● **GIVEN DATA**
=-=-=
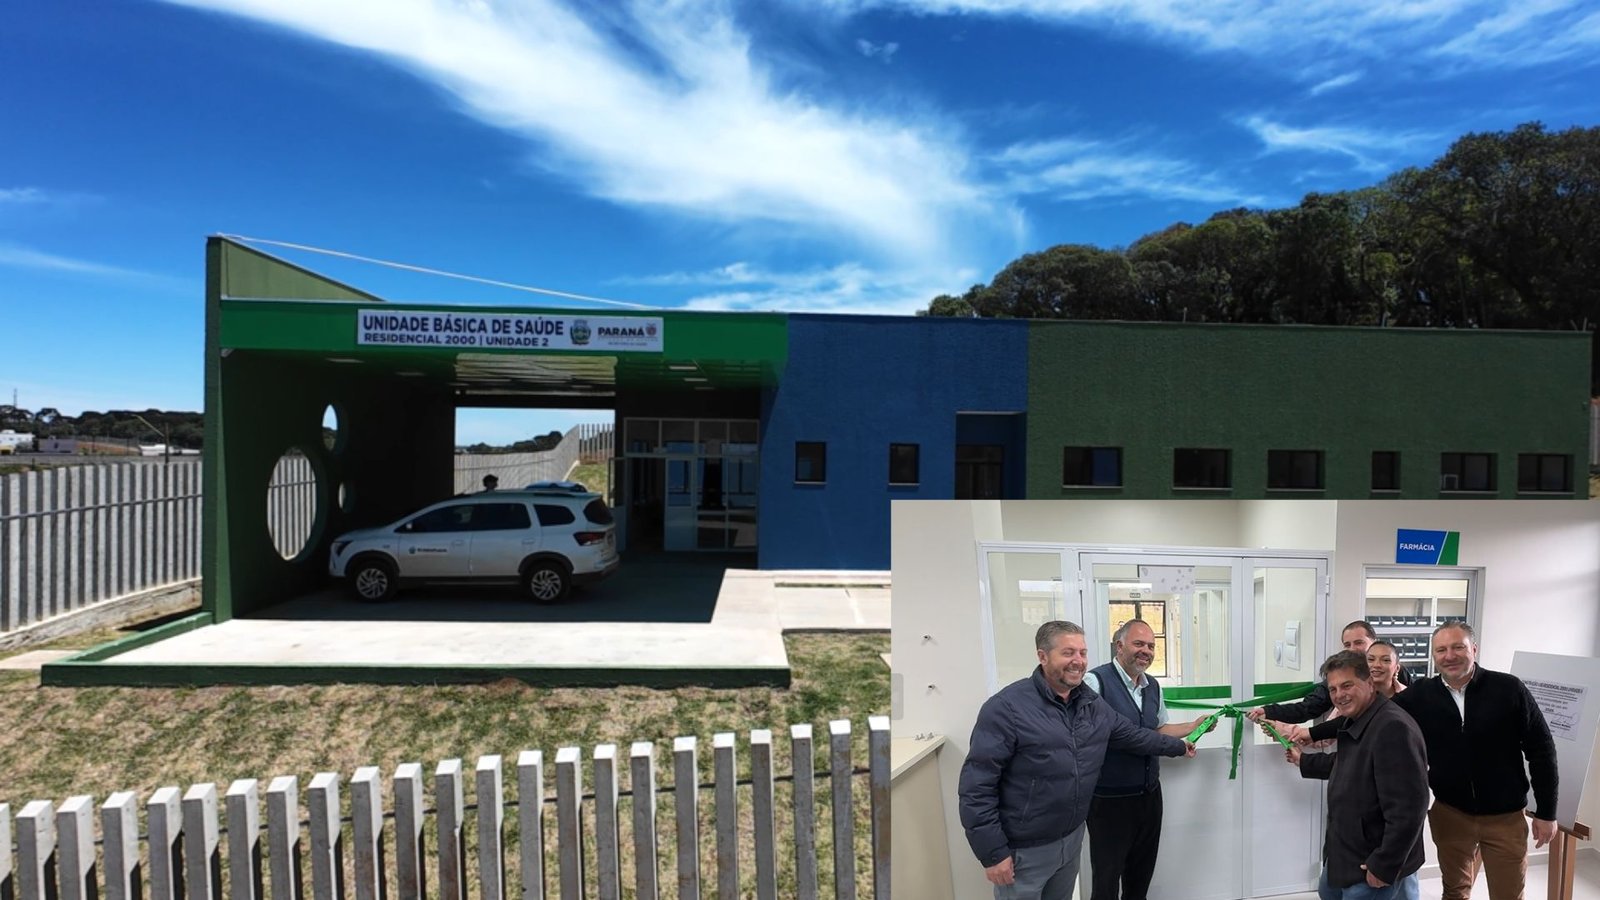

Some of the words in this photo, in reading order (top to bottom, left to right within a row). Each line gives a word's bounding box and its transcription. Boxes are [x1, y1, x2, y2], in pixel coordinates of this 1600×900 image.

[363, 315, 429, 332] UNIDADE
[433, 314, 487, 334] BÁSICA
[492, 319, 511, 334] DE
[515, 316, 564, 335] SAÚDE
[598, 326, 644, 336] PARANÁ
[364, 332, 442, 344] RESIDENCIAL
[445, 335, 476, 345] 2000
[486, 336, 539, 346] UNIDADE
[542, 337, 549, 347] 2
[1400, 543, 1435, 551] FARMÁCIA
=-=-=
● **WHAT YOU HAVE TO DO**
From first line to last, return the records verbatim without their pictures.

● **TASK SOLUTION**
Some of the words in this photo, in reading order (top to bottom, left to right within a row). Each line gives a word's bounding box and its transcription. Boxes are [x1, y1, x2, y2], in pixel coordinates of this 1600×900 image.

[363, 315, 429, 332] UNIDADE
[433, 314, 487, 334] BÁSICA
[492, 319, 511, 334] DE
[515, 316, 564, 335] SAÚDE
[598, 326, 644, 336] PARANÁ
[364, 332, 442, 344] RESIDENCIAL
[445, 335, 476, 345] 2000
[486, 336, 539, 346] UNIDADE
[542, 337, 549, 347] 2
[1400, 543, 1435, 551] FARMÁCIA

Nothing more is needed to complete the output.